You could build your upper body using a resistance band and these handpicked five strength exercises that hit multiple muscle groups at once. Get ready to target your pecs, shoulders, arms, back and core muscles, and if you only have space in your gym bag for one piece of kit, slip one of the best resistance bands in yours.
Resistance bands, activation loops, or strength bands (whatever you prefer naming them) come in varying intensities, some with loops used for activation exercises and many with door jambs and handles, giving you access to a library of upper and lower body exercises while working your core muscles hard.
Although it's harder to overload your muscles using a resistance band, it’s a myth that you can’t find a good resistance band upper body workout, you just need to choose the best exercises for your upper body and learn how to increase the intensity of each exercise. Luckily, we’ve provided both for you below. Here’s how to build your upper body using one resistance band and why you should.
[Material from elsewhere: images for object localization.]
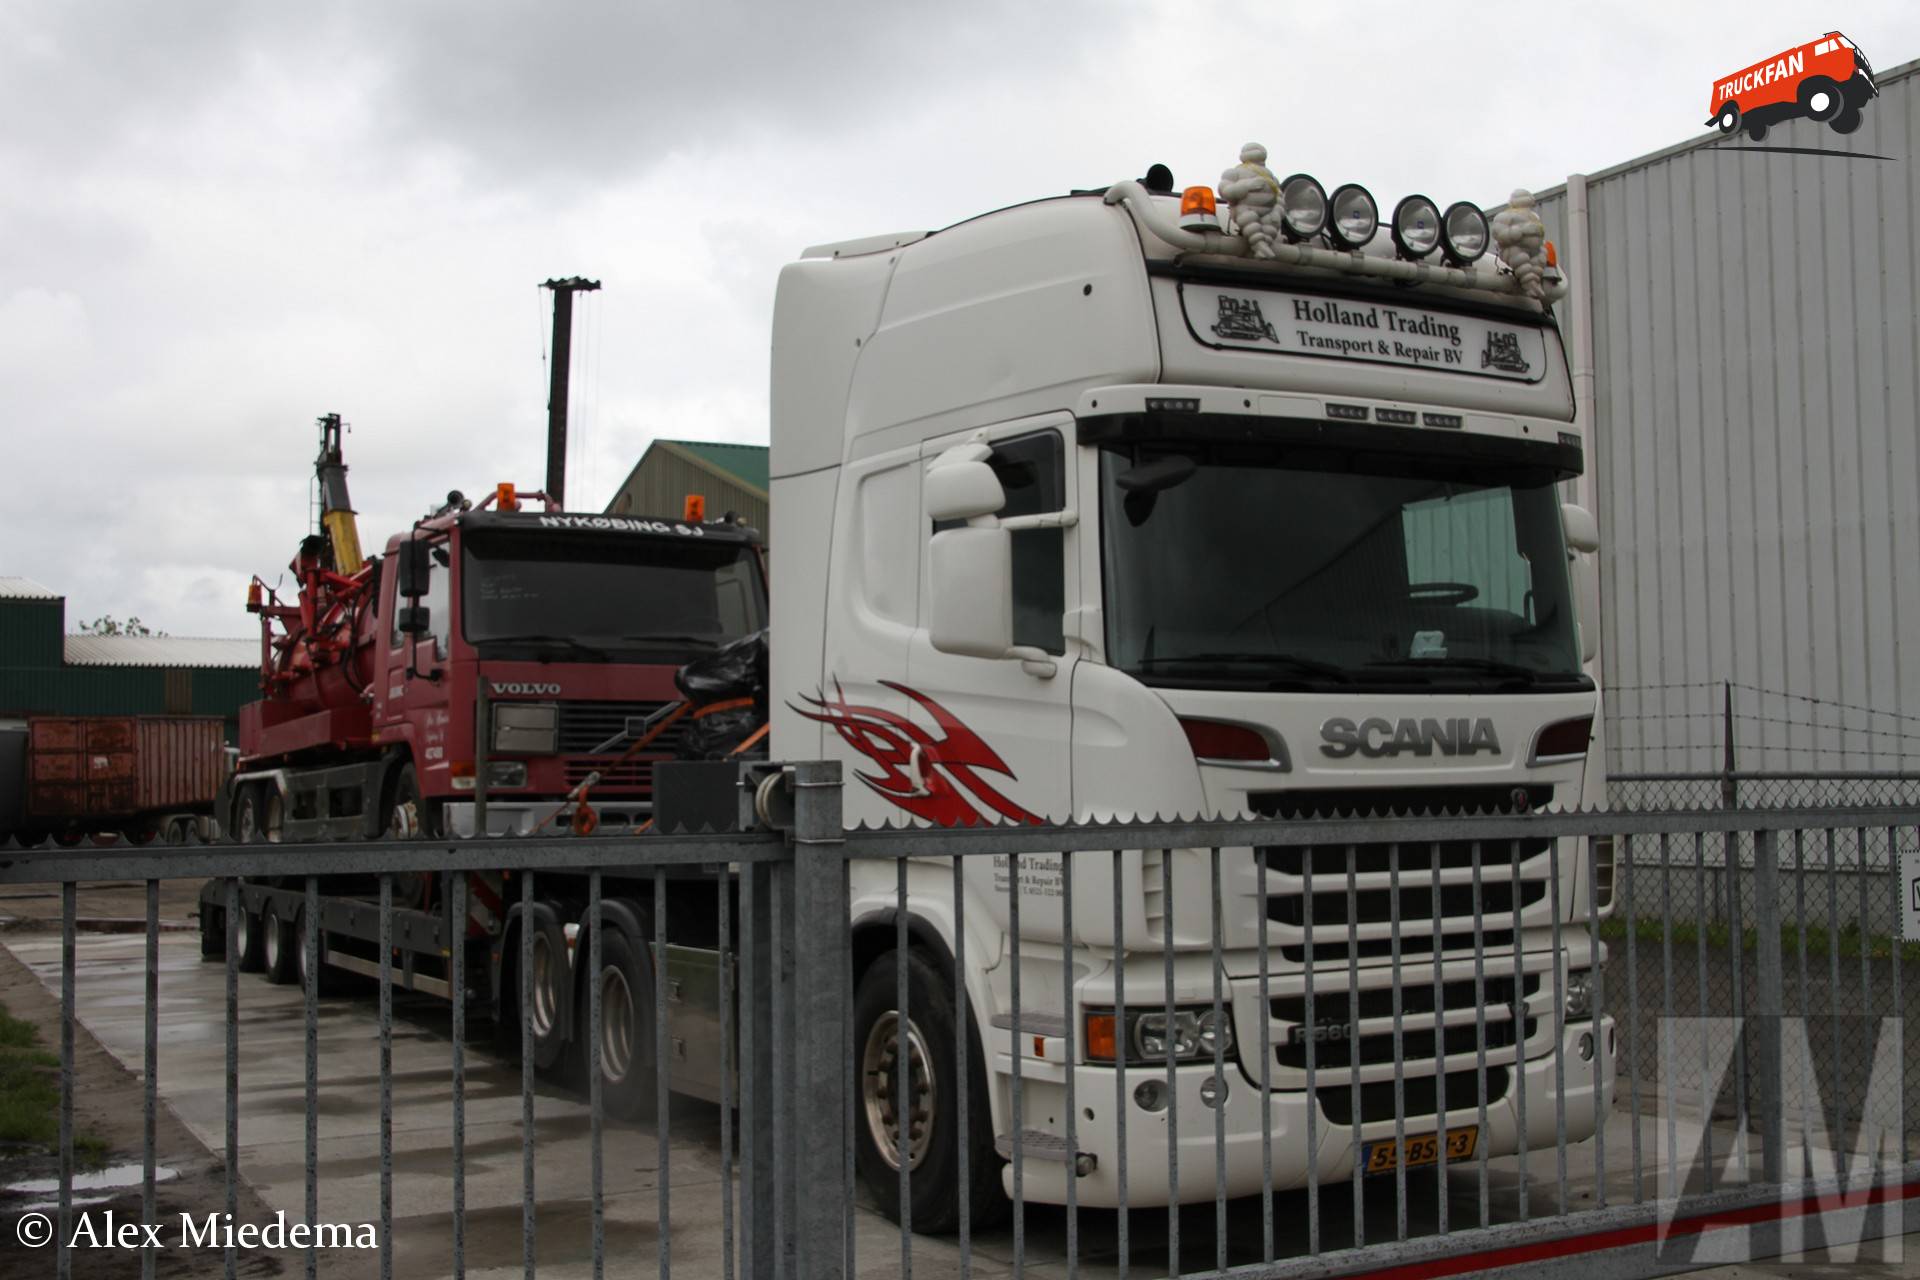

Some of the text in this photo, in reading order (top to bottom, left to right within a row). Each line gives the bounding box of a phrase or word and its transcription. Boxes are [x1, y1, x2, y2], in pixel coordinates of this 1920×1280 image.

[1292, 299, 1462, 347] Holland Trading
[1296, 330, 1463, 365] Transport & Repair BV
[539, 516, 671, 533] NYKØBING
[492, 683, 561, 694] VOLVO
[1319, 717, 1501, 759] SCANIA
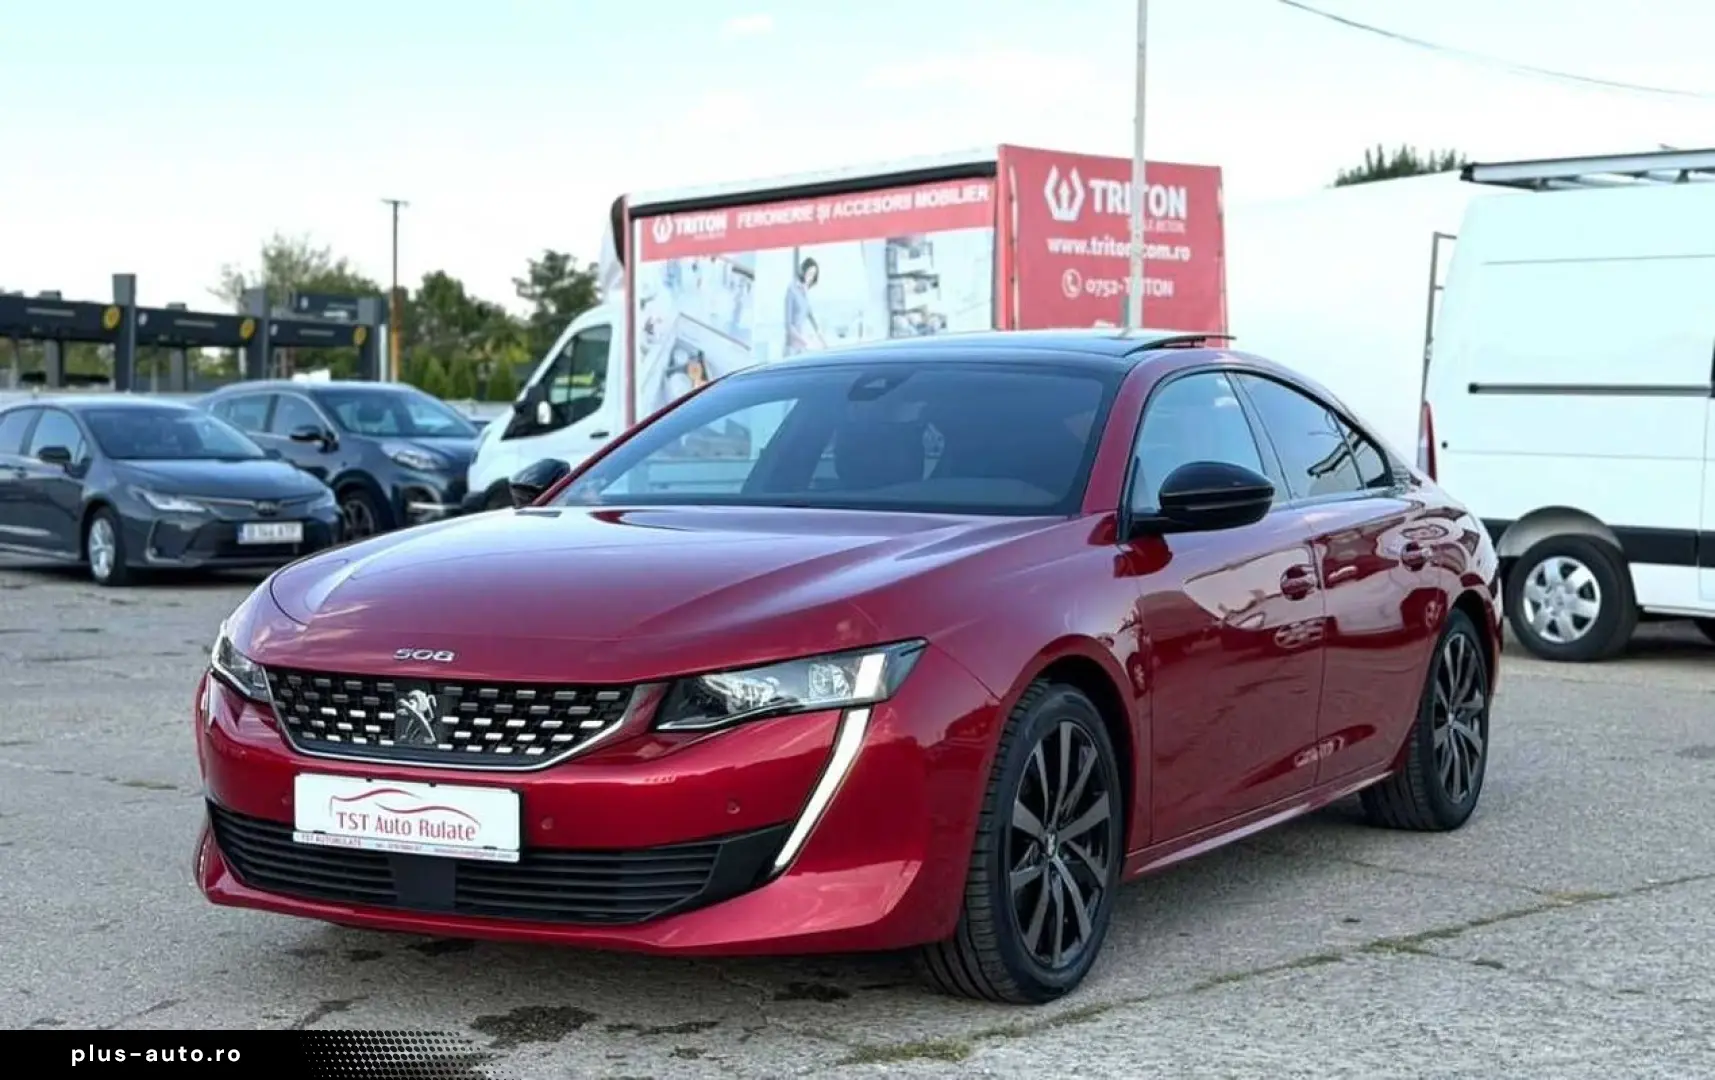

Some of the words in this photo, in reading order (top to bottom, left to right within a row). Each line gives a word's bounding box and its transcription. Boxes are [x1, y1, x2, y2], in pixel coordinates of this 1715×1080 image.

[675, 212, 727, 235] TRITON
[915, 183, 988, 209] MOBILIER
[1088, 177, 1187, 218] TRION
[393, 648, 455, 661] 508
[336, 811, 370, 831] TST
[375, 816, 412, 837] Auto
[419, 819, 476, 841] Rulate
What are the best 5 resistance band upper body strength exercises for beginners?
We all live by yin and yang to create balance in life — hot and cold, salty and sweet, water and fire. In the case of your upper body, it’s push and pull.
When you perform push exercises, you’ll strengthen the anterior chain muscles like the pectorals, anterior deltoids, triceps and core muscles. Pulling motions hit the posterior chain, like the various muscles in your back (the traps, lats and rhomboids, to name a few), plus your rear deltoids and biceps.
Weak back muscles and tight or overworked chest muscles can cause slumping or hunching and negatively affect your posture, also increasing the chances of exercise-related injuries, but it can be harder to target your back during a resistance band workout. Why? Because your back muscles are some of the largest and most powerful muscles in the body, alongside the gluteus maximus and quadriceps.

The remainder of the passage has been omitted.